Sheffield City Region in crisis as devolution plans ‘extinguished’

Sheffield City Region is in crisis as another local authority has pulled out of the deal to devolve powers to South Yorkshire, with a district council leader saying devolution plans have now been “extinguished”.

Bassetlaw District Council backed out of becoming full members over plans to force the area to accept “London style planning powers,” meaning that the mayor can impose planning decisions and housing targets across the region.  

Simon Greaves, leader of Bassetlaw District Council, said: “We are not London, and one of our key democratic functions in Bassetlaw is that local councillors are accountable to their communities for the planning decisions they make.
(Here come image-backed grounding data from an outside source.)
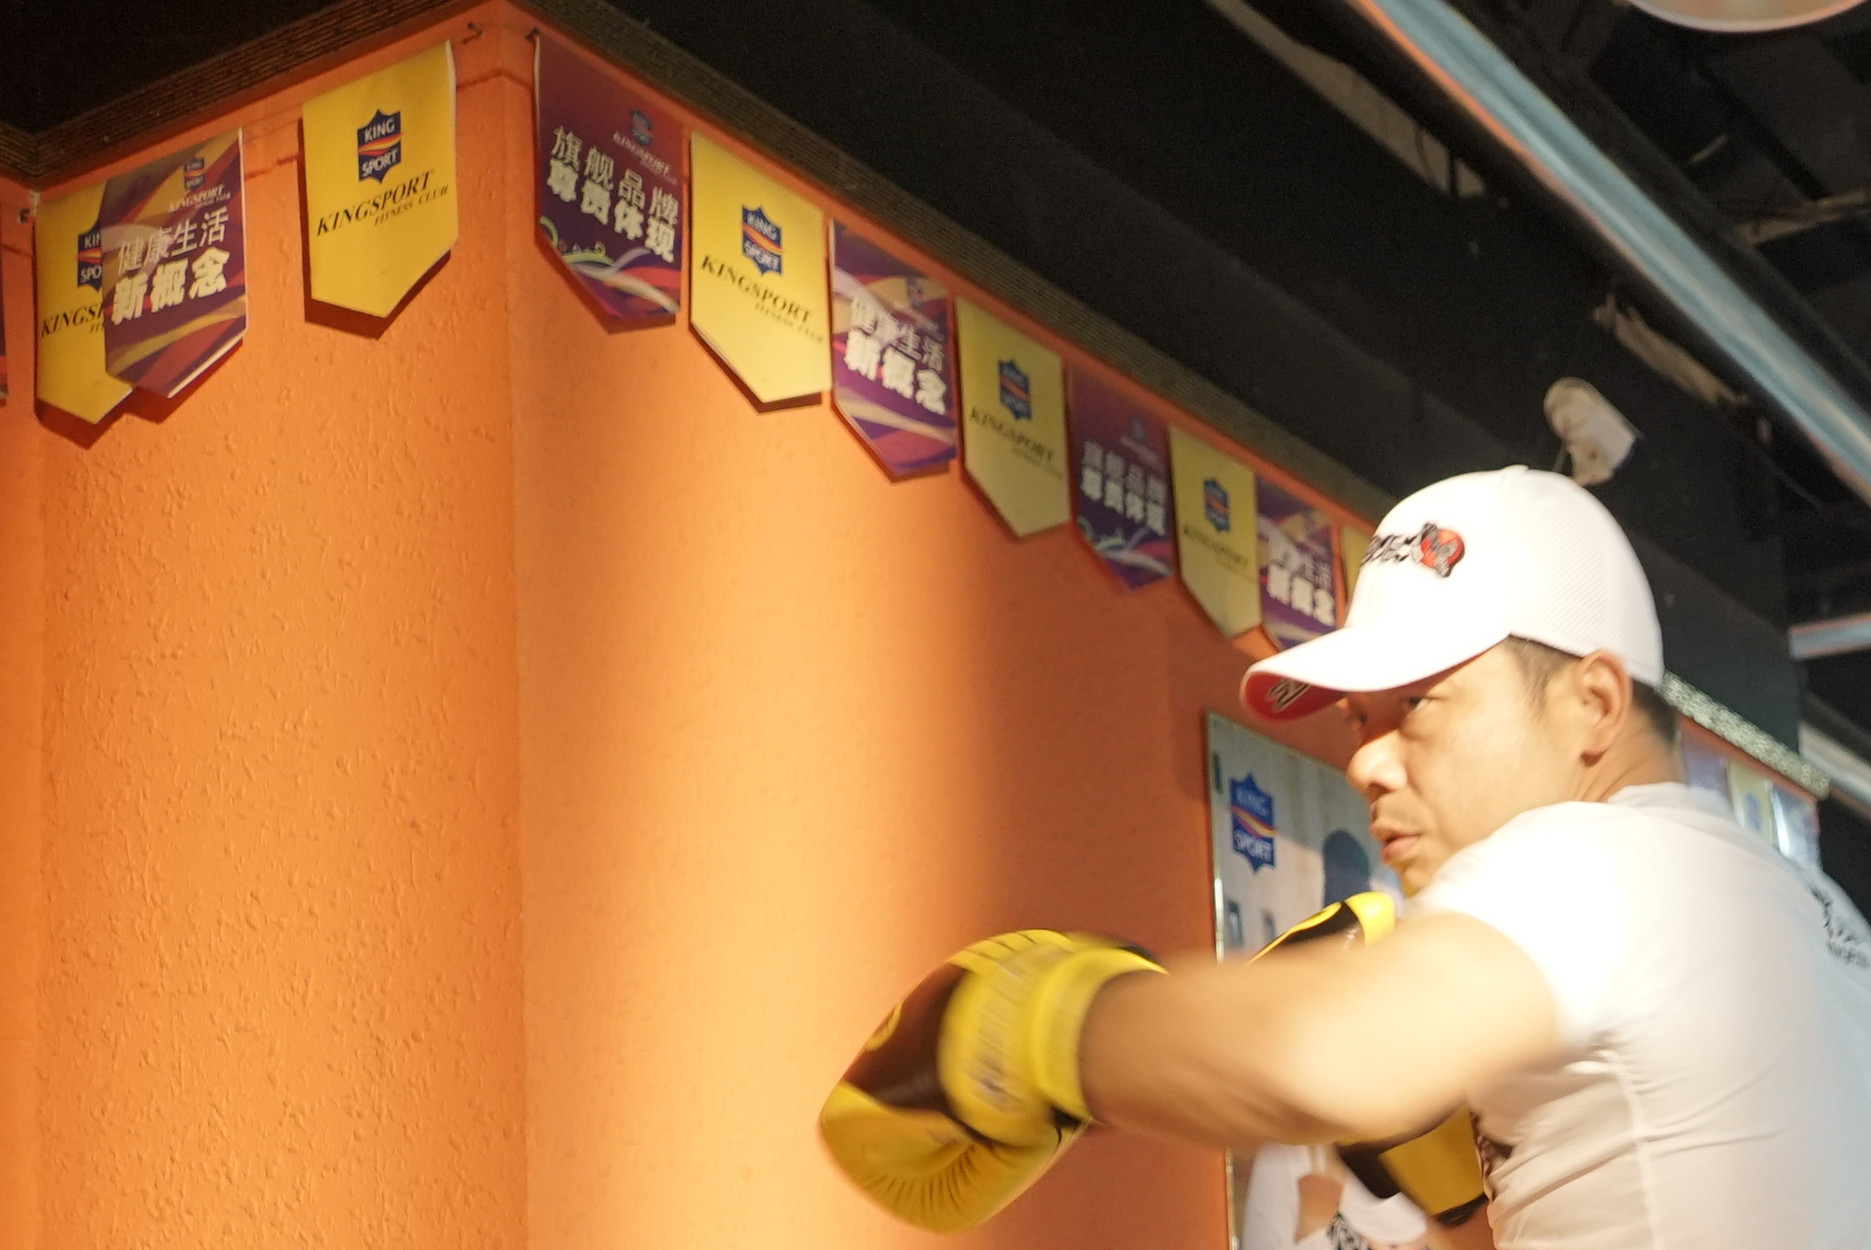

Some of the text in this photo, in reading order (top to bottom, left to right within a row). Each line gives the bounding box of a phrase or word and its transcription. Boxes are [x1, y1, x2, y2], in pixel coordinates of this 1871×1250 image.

[362, 148, 398, 178] SPORT
[364, 117, 395, 143] KING
[317, 170, 434, 236] KINGSPORT
[551, 126, 678, 225] 旗舰品牌
[118, 206, 229, 277] 健康生活
[743, 239, 780, 270] SPORT
[746, 211, 777, 241] KING
[111, 246, 230, 326] 新概念
[701, 254, 811, 323] KINGSPORT
“This would not happen if an elected mayor was in position with a planning mandate in Bassetlaw and we won’t entertain it.”

Highlighting the current instability in central government, Greaves said: “If policies like devolution were on the back burner before, they’ll be pretty much extinguished now.”
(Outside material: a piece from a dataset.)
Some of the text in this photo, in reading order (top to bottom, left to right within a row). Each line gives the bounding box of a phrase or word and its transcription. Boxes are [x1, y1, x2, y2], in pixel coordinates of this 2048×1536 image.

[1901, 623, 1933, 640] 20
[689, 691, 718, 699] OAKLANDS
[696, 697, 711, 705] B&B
Bassetlaw’s withdrawal comes a day after Chesterfield pulled out of the Sheffield City Region deal.

Greaves claimed that devolution was an “opportunity missed” and that the City Region Deal is no longer in the best interests of Bassetlaw.

“I have asked the Chief Executive to prepare a report for Cabinet that will enable the Council to formally withdraw its application for full constituent membership of the Sheffield City Region,” he said.
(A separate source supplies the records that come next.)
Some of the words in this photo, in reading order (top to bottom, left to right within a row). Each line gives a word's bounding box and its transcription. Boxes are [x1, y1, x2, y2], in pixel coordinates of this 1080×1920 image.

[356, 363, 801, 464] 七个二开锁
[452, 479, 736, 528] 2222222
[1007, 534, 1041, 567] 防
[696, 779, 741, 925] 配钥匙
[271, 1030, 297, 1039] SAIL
The council also indicated that Bassetlaw would be at a disadvantage, as the proposed voting structure of the combined authority would leave the district with less power.

Sheffield City Region initially planned for key commuter towns to be included in the devolution deal, which is why it extends beyond South Yorkshire. Critics, however, have dismissed this as a power grab.

The decision yesterday by Chesterfield Borough Council, which represents another key commuter area, to sensationally backed out of the devolved area was because of Derbyshire County Council’s plans to hold a referendum.

Derbyshire County Council has been opposed to the prospect of losing a key town to Sheffield since the plans were first introduced.

Sir Nigel Knowles, chair of the Sheffield City Region Local Enterprise Partnership said he was disappointed with Chesterfield dropping out of the bid.

“The ability for our locally elected leaders to work across traditional administrative and county boundaries is critical on big issues such as public transport, skills investment and infrastructure. There is no doubt that this decision makes it a little harder to do this,” he said.

Sheffield City Region would have brought extra powers to the region that are currently controlled by central government and an extra £900 million of funding over the next 30 years.